Aunque aparentemente comprometidos con el cuidado del niño, el padre luchará contra un impulso de infligirle algunos de los mismos obstáculos que enfrentó: el mismo descuido, la misma escuela indiferente, la misma falta de ayuda con su desarrollo… Los detalles externos pueden haber cambiado, pero el impacto emocional será el mismo. 

Una nueva generación sufrirá de nuevo. 

Para ser buenos padres, no solo necesitamos acceder a nuestros recuerdos de nuestras propias infancias, también necesitamos ser capaces de llegar a un acuerdo con nuestras privaciones para no sentir envidia de aquellos que podrían tener la oportunidad de no sufrir experiencias similares a las nuestras. 
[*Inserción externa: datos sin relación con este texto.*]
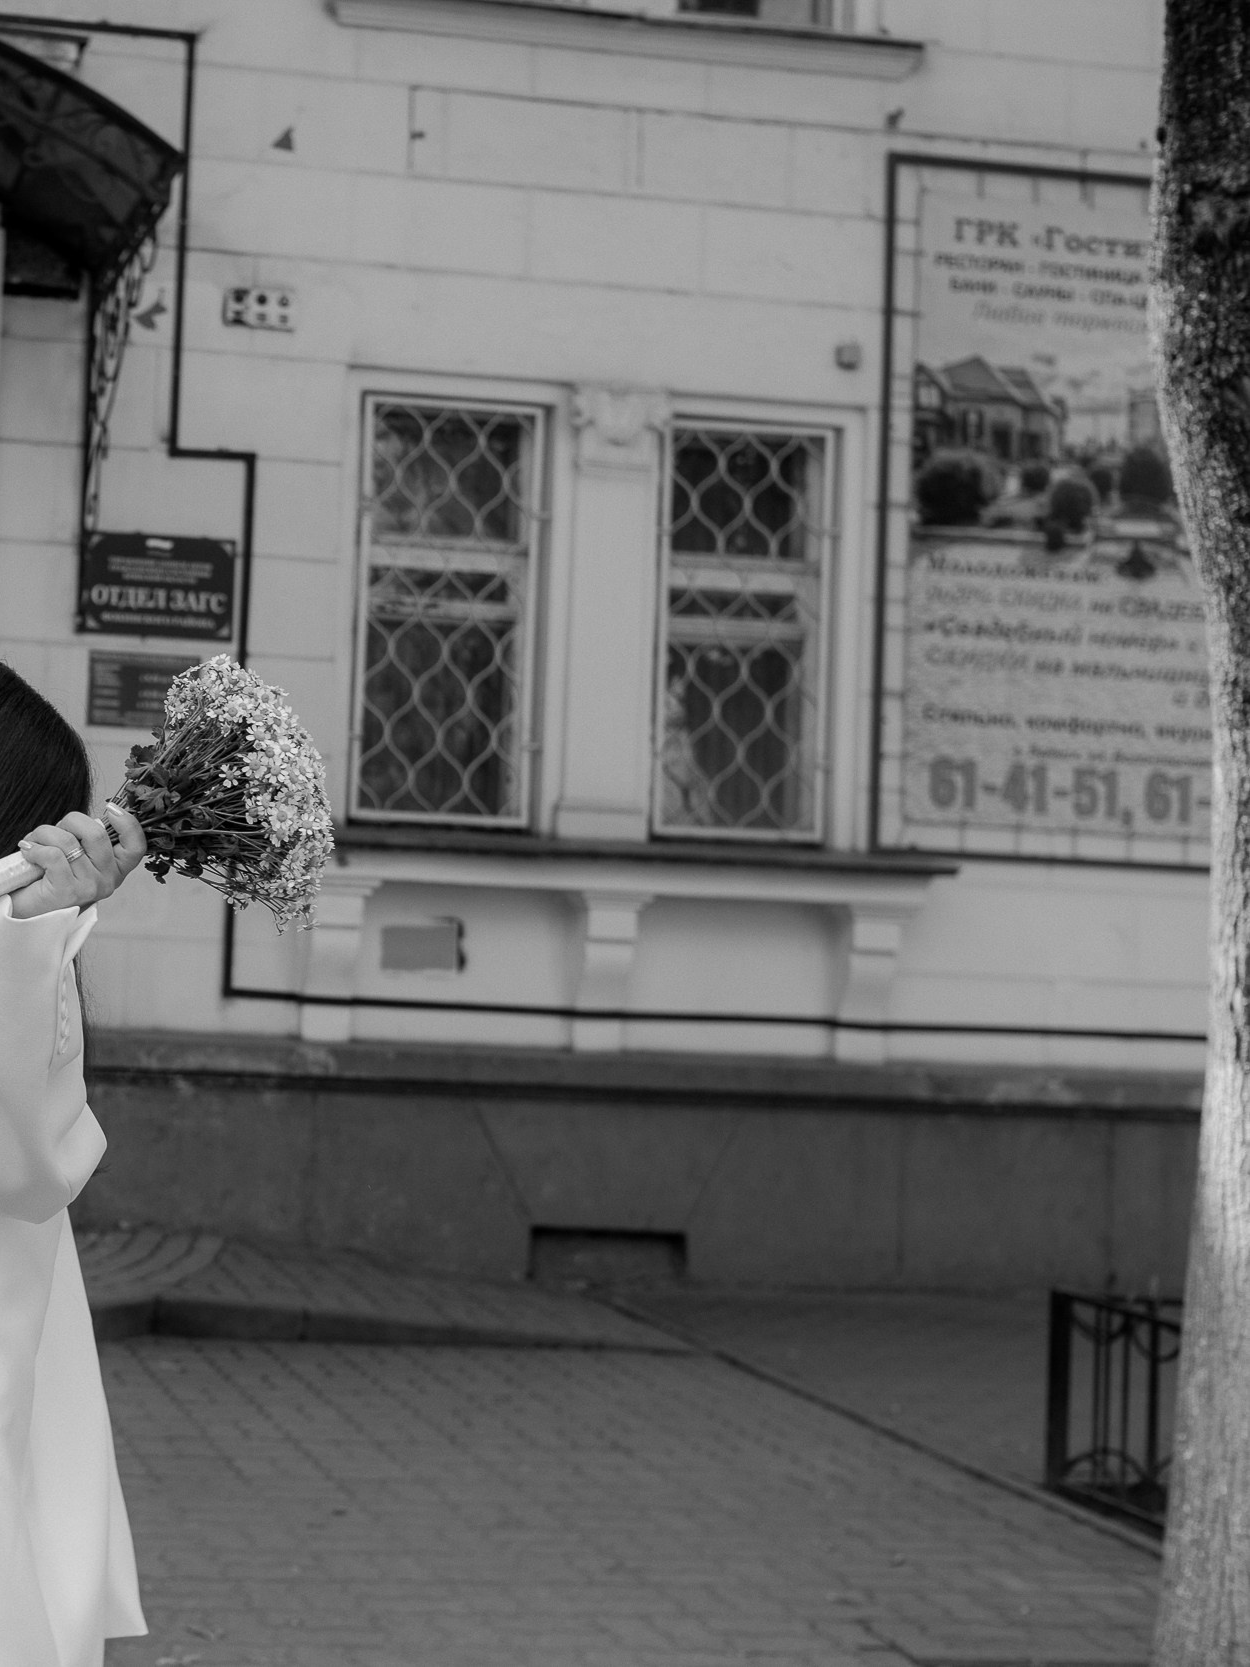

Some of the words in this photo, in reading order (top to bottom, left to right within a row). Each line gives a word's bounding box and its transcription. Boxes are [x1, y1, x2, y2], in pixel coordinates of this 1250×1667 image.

Pero un cierto tipo de padre traumatizado permanece identificado en su mente como un niño necesitado y decepcionado que encontraría insoportable que otro niño tenga más que lo que ellos tuvieron. Son como un hermano atormentado en un hogar desfavorecido que desahoga su dolor en alguien más indefenso, asegurándose -escrupulosamente- de que el otro niño esté tan triste y falto como ellos. 

No podemos evitar haber tenido las infancias que tuvimos. Pero si planeamos tener un hijo, tenemos una responsabilidad suprema de asegurarnos de tener una relación sana con nuestro pasado: poder acceder a ellos para encontrar reservas de ternura y empatía y poder no sentir envidia de aquellos que no tienen que participar en nuestros sufrimientos. 

Seremos verdaderamente adultos cuando estemos en posición de dar a nuestros hijos la infancia que merecíamos, no la infancia que tuvimos.